Quando Tony Ferguson e Justin Gaethje entrarem no octógono na noite deste sábado (9), em Jacksonville, Flórida, sua disputa pelo título provisório dos pesos leves será o clímax do UFC 249, o maior evento esportivo a ser realizado nos Estados Unidos em quase dois meses.

Também será um triunfo para Dana White, o belicoso presidente do Ultimate Fighting Championship (UFC). Se a decisão tivesse cabido a ele, White jamais teria suspendido a realização de torneios de MMA, e que se dane a pandemia do coronavírus.

Por duas décadas, White insistiu que seu esporte se tornaria o maior do planeta. Neste final de semana, ele desfrutará de holofotes dignos de suas ambições, pelo menos por uma noite, ou talvez por mais tempo, caso os planos do UFC para pelo menos mais três eventos em maio sigam adiante sem reveses significativos.

Mas se o UFC 249 demonstra o desejo irreprimível de White de dominar o mundo do esporte, também enfatiza algumas das dificuldades causadas por seu estilo agressivo e alguns possíveis defeitos no modelo de negócios de sua organização.

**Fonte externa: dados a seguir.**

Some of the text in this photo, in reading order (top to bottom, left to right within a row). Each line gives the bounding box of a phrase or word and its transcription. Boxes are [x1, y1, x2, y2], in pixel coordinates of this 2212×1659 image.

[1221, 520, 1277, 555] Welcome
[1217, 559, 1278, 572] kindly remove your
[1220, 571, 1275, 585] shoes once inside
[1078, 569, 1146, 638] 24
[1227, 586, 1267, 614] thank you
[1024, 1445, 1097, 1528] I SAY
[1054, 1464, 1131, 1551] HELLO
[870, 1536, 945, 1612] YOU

As tentativas de White de continuar a realizar combates durante a pandemia atraíram reprovação de políticos poderosos e de seus parceiros empresariais mais importantes, a Disney e a ESPN. O escrutínio reflete em parte as expectativas mais ambiciosas de respeitabilidade para uma organização encarada por muito tempo como uma curiosidade tosca.

Pela maior parte da gestão de White como presidente, a organização era controlada por magnatas dos cassinos de Las Vegas e não tinha de prestar contas a virtualmente pessoa alguma. Fundado em 1993, o UFC foi adquirido por US$ 2 milhões, em 2001, por Lorenzo e Frank Fertitta, irmãos que eram donos dos Stations Casinos e amigos de infância de White, a quem eles imediatamente colocaram no comando do negócio. Eles venderam o UFC em 2016 por cerca de US$ 4 bilhões, coroando uma transformação pela qual White merece boa parte do crédito.

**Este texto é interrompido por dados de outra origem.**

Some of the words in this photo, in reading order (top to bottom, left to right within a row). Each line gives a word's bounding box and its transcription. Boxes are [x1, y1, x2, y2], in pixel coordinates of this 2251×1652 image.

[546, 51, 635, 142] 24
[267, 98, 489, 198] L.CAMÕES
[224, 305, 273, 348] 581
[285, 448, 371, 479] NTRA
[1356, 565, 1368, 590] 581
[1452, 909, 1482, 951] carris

A nova controladora principal do UFC, a Endeavor, é um conglomerado que promove eventos ao vivo e planejava abrir seu capital, mas seus negócios terminaram devastados pela pandemia. Executivos da Endeavor deixaram claro que consideram White como um dos principais ativos do UFC, mas o controle inflexível do presidente sobre os lutadores vem sendo contestado em um processo judicial demorado que pode transferir renda significativa aos atletas e solapar alguns dos planos grandiosos de White.

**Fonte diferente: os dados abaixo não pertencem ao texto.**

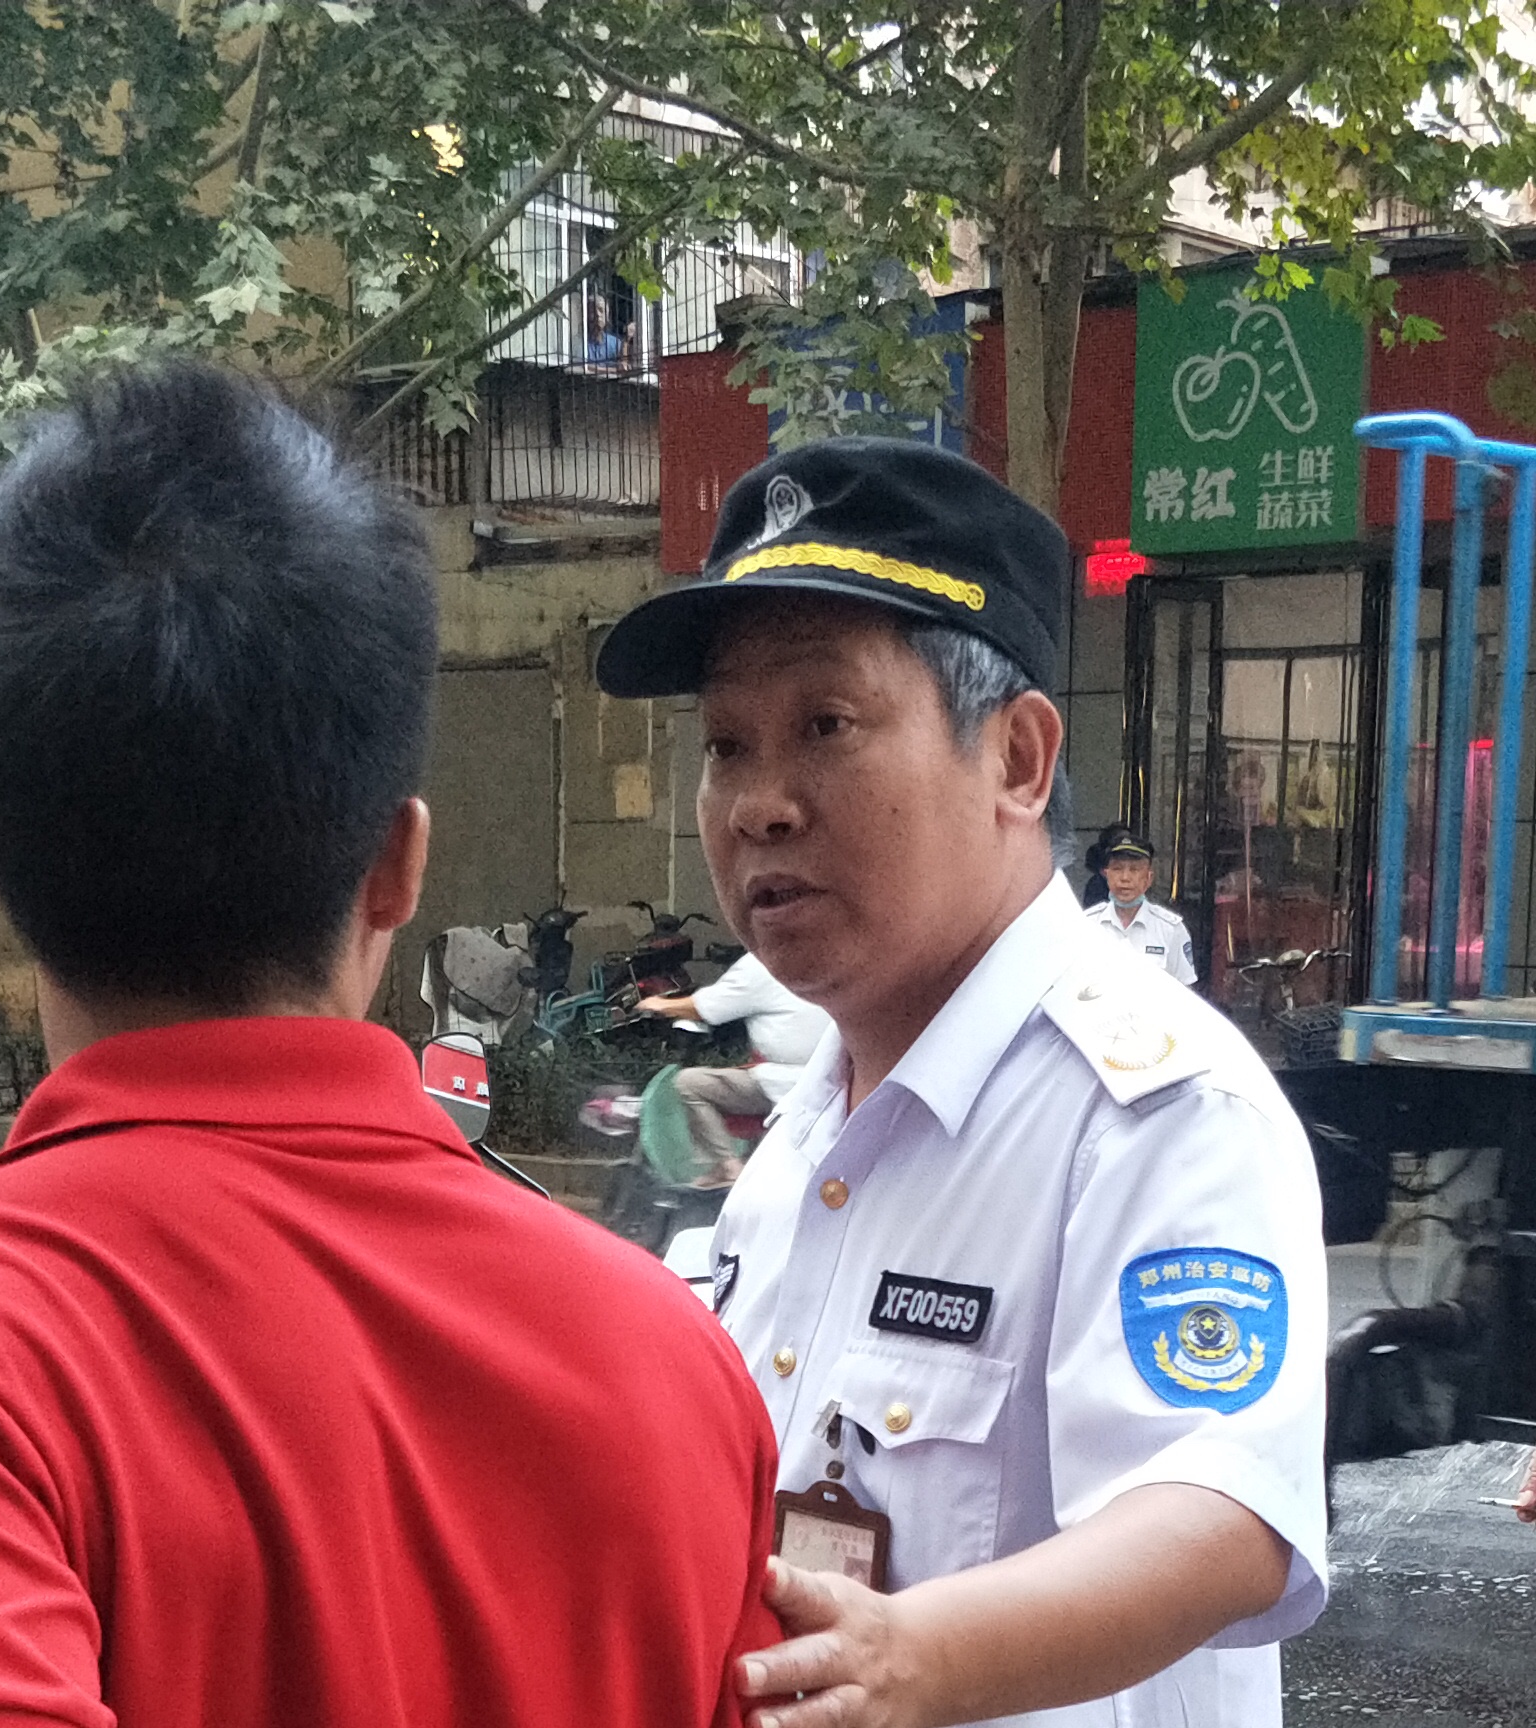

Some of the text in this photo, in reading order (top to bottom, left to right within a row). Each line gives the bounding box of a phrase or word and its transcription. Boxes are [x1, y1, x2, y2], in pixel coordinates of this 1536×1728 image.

“Ele adora que as pessoas lhe digam na cara que não pode fazer alguma coisa, não há como sair por cima de uma determinada situação, não há jeito”, disse Mark Shapiro, presidente da Endeavor, sobre White. “Isso só serve para abastecê-los de energia, é como óleo diesel correndo em suas veias."

White se recusou a falar ao The New York Times para este artigo.

No começo, depois que White persuadiu os irmãos Fertitta a adquirir o UFC e colocá-lo na presidência, havia dezenas de rivais. Muitos governos estaduais e nacionais consideravam o UFC como excessivamente violento e se recusavam a aprovar a realização de lutas, e as redes de televisão também esnobavam os torneios.

Havia organizações concorrentes de MMA, com lutadores e administradores que viam White como cobiçoso, e uma mídia que celebrava o boxe como uma arte mas desdenhava o esporte de White, vendo-o como uma forma tosca de briga de rua.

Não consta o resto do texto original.